Should I give my co-advisor the boot? Question about dealing with a difficult advisor for my grad program...a nice, long read awaits you...
I am in a graduate program and I have two advisors, one in my department (I will call him NP) who is very easy to get along with, and one in the professional school I wish to get into after my master's (I will call him R).
I am doing a multidisciplinary grad program, one that will look really good on my application to the professional program that I want to eventually be in. NP thought that having an advisor in that department would be helpful, so I asked R to co-advise. R is basically an ok guy...nice, listens when you have problems, and I think he tries to be helpful, but...
R is an incredibly difficult person to work with. I like to think that it is a combination of cultural backgrounds and Napoleon complex. He is coming up for tenure in about a year. He has screaming fights with his department head, and is extremely confrontational with other members of his department. I am getting tired of it, but NP is trying to give him the benefit of the doubt. So far:
1) When I asked him what tests he would like me to run on the blood samples collected, instead of 'advising' me, he told me to ask a friend of his. I found this odd. I asked the friend, who gave me limited info that was not helpful. So...
2) I am taking a class in the professional school as part of my plan of study, and asked the professor (who is in R's department) for suggestions. He told me to talk to M, and even spoke to M on my behalf. M was extremely helpful (she is an expert in part of what I am studying). The tests and protocol that M suggested were completely different from R's friend's suggestion, and are considerably more valid (the opinion of NP, the prof from my class, etc.) M has gone out of the way to train me in techniques and find information, even though I am not her student. She has been more helpful to me than R ever has.
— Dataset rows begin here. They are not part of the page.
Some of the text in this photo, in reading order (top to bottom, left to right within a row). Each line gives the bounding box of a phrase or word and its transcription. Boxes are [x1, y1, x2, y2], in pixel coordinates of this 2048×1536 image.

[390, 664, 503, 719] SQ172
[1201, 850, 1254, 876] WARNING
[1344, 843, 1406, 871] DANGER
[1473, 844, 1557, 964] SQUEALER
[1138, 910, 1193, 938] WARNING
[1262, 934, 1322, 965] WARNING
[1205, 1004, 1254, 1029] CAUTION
M even went to talk to another expert for me (she thought it would be useful), and when she did...
3) The expert and R were working together, and M approached the expert and asked his advice, used my name. R immediately flew off the handle and jumped M's case: "Why is she talking to you?!? She is MY grad student!!!" M was accompanied by her grad student, who asked R if he knew anything about the technology in question. No, he didn't.
The next time I was training in M's lab, she approached me and said that it wasn't her place, but she didn't want me to be blindsided when he confronted me about it (coming up). She also gave me advice, which was to get him off of my committee. She says that he is a loose cannon, and is confrontational with most everybody. She also said that in her annual review, the department head had read R's comments and dismissed them as BS, saying that he had contributed very little to the department, and had blown his startup package on traveling to seminars all over the world (he did not present at any of them). She said that she doesn't usually have problems with R, but the way she deals with him is just to tuck her tail and run.
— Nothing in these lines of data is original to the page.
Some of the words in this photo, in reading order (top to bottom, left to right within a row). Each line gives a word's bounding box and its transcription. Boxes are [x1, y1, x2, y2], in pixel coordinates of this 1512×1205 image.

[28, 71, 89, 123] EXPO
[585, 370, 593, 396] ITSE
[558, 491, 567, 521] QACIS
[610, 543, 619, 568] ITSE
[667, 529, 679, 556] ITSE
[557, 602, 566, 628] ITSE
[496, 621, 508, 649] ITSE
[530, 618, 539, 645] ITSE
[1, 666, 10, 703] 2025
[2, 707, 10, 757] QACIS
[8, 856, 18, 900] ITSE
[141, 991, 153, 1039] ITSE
4) So NP and I and gone to pick up supplies for the field work (R was out of town at a seminar-not presenting). He had wanted us to drop off the list and then he would pick it up. The supply clerk would not let us do that, so we had to take the supplies and store them in M's office. I emailed R and told him where the supplies were. He sent me a fairly nasty email, asking why I had done that, etc. Then, he called me, on a Friday night, and starts out with, "I'm not mad, BUT..." and confronted me about the supplies and meeting with M, and that I should tell him who I am talking to in his department. I told him that he was my advisor, not my parent, and I can talk to whomever I wish. I had forwarded the email to NP, who had also received an email, but a considerably more polite one. NP was thrilled that I was talking to other experts for their input, R seems to be threatened. Did I step on toes? Am I not supposed to ask for outside advice?
I don't know if this happens alot, and if I should just suck it up and deal. I know two other grad students who deal with R, one who has him as an advisor, and the other has him on her committee. The one that he advises, L, is having huge problems, as he has just left her to fend for herself. The other one has found him to be pompous. L said that he calls and yells at her as well, and that when she goes to his office he is sympathetic, but not helpful.
R was already kicked off of one committee that we know of, and R's major professor did not recommend him for his current position. He has not published since he arrived 3 years ago, and has received an ultimatum from his department head. I think he is clinging to my project because of the travel aspect and because of the publishing potential. I question his value as a contributor for this project, and could probably pick up M in his place. M has been here one year less than R, but has published 6 papers since her arrival. Has anyone else experienced this particular flavor of hell? Any thoughts or opinions as to how to handle this? I apologize for the length, but I wanted to give an idea of the situation. This is completely stressing me out.
posted by anonymous to education (15 comments total)
After you jettison this guy, it will be clear to you, too. Even if he does get tenure- which is extremely unlikely based on what you say here, his possessiveness and irrationality, his jealously and his temper tantrums, are going to only get worse. He also seems fundamentally unhelpful. I encourage you to ask nice Prof. M to be your adviser instead before this gets enve more complicated and before you become even more dependent on Prof. R.
Get away from this person, and stay away from them. His behavior will not improve, it will get worse. When he doesn't get tenure, he'll take it out on you, and then he'll be gone and you won't have an adviser.